3か月で在庫が、自宅クローゼットを埋め始めた
上位プランでは、毎月一定額の商品仕入れが必要だった。Sさんは月10万円ずつ、3か月で約30万円分の商品を自宅に発注。
「最初の月で、ママ友のうち2人に紹介できました。紹介報酬として、約2万円が入ってきた」
2か月目、紹介できたのは1人。3か月目、ゼロ。
「ママ友の輪の中で、私が『勧誘する側』になった瞬間に、距離が空き始めたんです。ランチ会の頻度も、目に見えて減りました」
クローゼットの商品、家族の自家消費でも追いつかない
3か月で自宅に届いた商品は、サプリ45袋、化粧品30本、ダイエット飲料200本。賞味期限内に自家消費するペースを大きく超えていた。
「夫がクローゼットを開けた時、商品の山を見て『これは何?』と聞かれました。あの時、初めて、自分が止まらなくなっていることを認めた」
夫への告白、150万円
2024年の秋。Sさんは、夫に150万円の支出を告白。
「夫は黙って聞いていました。それから、『ママ友との関係は、もう戻れるかわからないけど、MLMから抜けることだけは、すぐにやろう』と」
夫は具体的な手順を提案した。①運営に契約解除の連絡、②残在庫の買戻し交渉、③ママ友への謝罪の方針相談、④消費生活センターへの相談。この順番で進めた。
ママ友への謝罪、関係はぎりぎり保てた
Sさんは、紹介していたママ友2人に、直接謝罪。
「私が勧めたサプリは、自分で使う分には問題ないけど、紹介報酬目当てで関係を巻き込んだのは本当に申し訳ない」
ママ友2人とも、最初は驚いた様子だった。1週間後、片方のママ友から「私も、たぶん、自分で使うだけにしてた」と連絡。もう片方からは、約2週間の沈黙の後、「来月のランチ会、来てね」というLINEが。
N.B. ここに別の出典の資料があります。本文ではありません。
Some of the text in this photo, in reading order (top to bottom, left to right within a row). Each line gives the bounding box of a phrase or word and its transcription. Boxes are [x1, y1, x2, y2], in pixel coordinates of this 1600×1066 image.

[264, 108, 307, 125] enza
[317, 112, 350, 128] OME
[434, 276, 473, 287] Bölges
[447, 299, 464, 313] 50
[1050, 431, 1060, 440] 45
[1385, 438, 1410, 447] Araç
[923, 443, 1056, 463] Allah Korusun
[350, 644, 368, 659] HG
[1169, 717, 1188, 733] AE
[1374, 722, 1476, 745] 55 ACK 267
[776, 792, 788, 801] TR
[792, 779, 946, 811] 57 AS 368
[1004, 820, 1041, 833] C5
「ぎりぎりで、関係を維持できました。あの謝罪を半年遅らせていたら、もう戻れなかったと思います」
消費生活センター、クーリングオフ期間徒過
Sさんは、東京都消費生活総合センターに相談。連鎖販売取引のクーリングオフ期間(契約書面受領後20日)はすでに過ぎていた。
中途解約規定で、未開封商品の買戻しは可能。Sさんは在庫の8割を運営に返送、約40万円の返金で和解。
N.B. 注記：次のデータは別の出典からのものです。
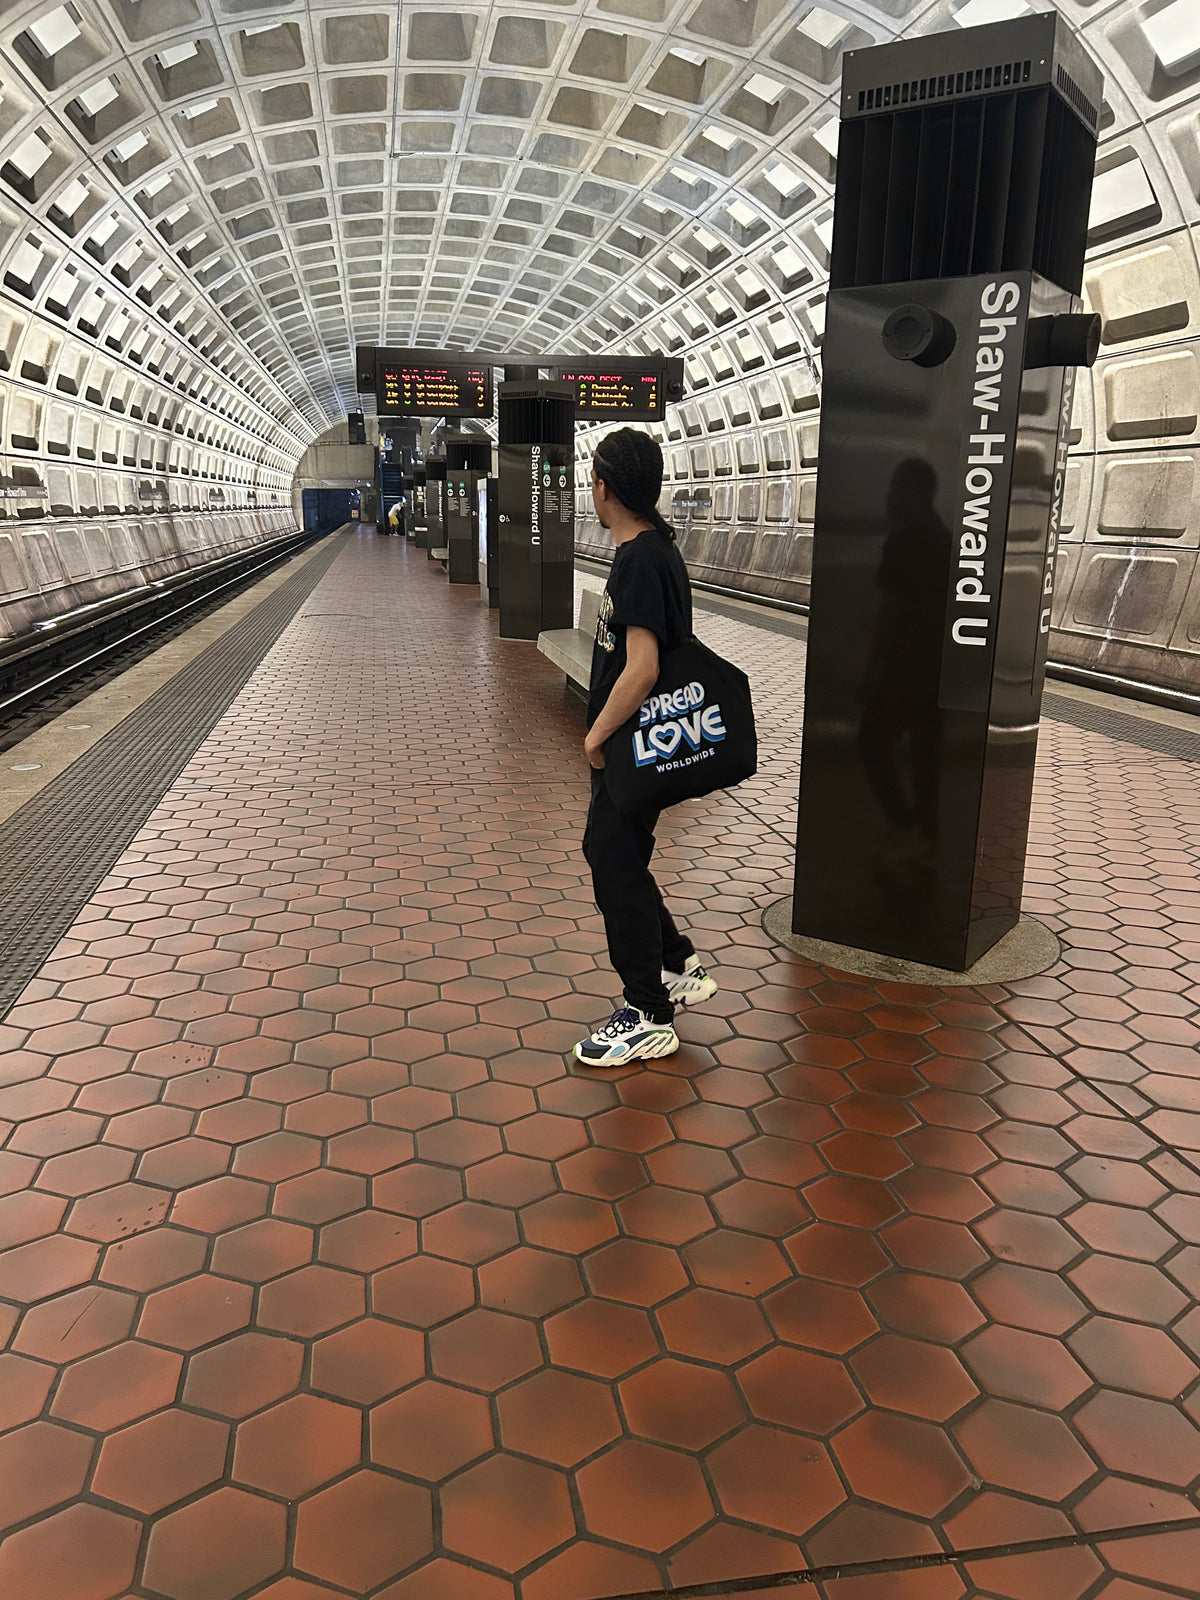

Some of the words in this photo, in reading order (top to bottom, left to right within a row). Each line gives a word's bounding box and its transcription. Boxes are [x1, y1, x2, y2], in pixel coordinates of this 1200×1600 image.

「最終的な損失は、約110万円。家計には大きな打撃ですが、ママ友との関係を失わなかったことを考えると、まだ取り戻せる範囲だと、夫と話しました」
取材の最後に、Sさんが伝えたかったこと
「同じ立場の主婦の方に、特に伝えたい。『使ってみて良かったら、紹介すれば収入になる』──この一言が出てきたら、その時点で、MLMの構造に足を踏み入れています。自分で使うのと、人を紹介するのは、まったく別の行為です。紹介報酬が発生する仕組みに乗る前に、必ず夫やパートナーに相談してください。私のように、150万円とママ友との関係を、両方失いかけないために」
振り返り:3つの教訓
1. 『使ってみて良かったら、紹介すれば収入になる』はMLMへの誘い言葉の典型。自分で使う消費行動と、第三者への紹介行為は、法的にも社会的にも別物だ。
2. 連鎖販売取引のクーリングオフは契約書面受領後20日間。期間内なら全額返金、期間後でも中途解約規定で買戻しが可能(特商法)。被害に気づいたら、即日、消費生活センターに連絡したい。
3. ママ友・地域コミュニティへの紹介は、関係性の損失が金銭損失より重い。紹介する前に、必ず家族と、関係のない第三者に相談する。これが鉄則だ。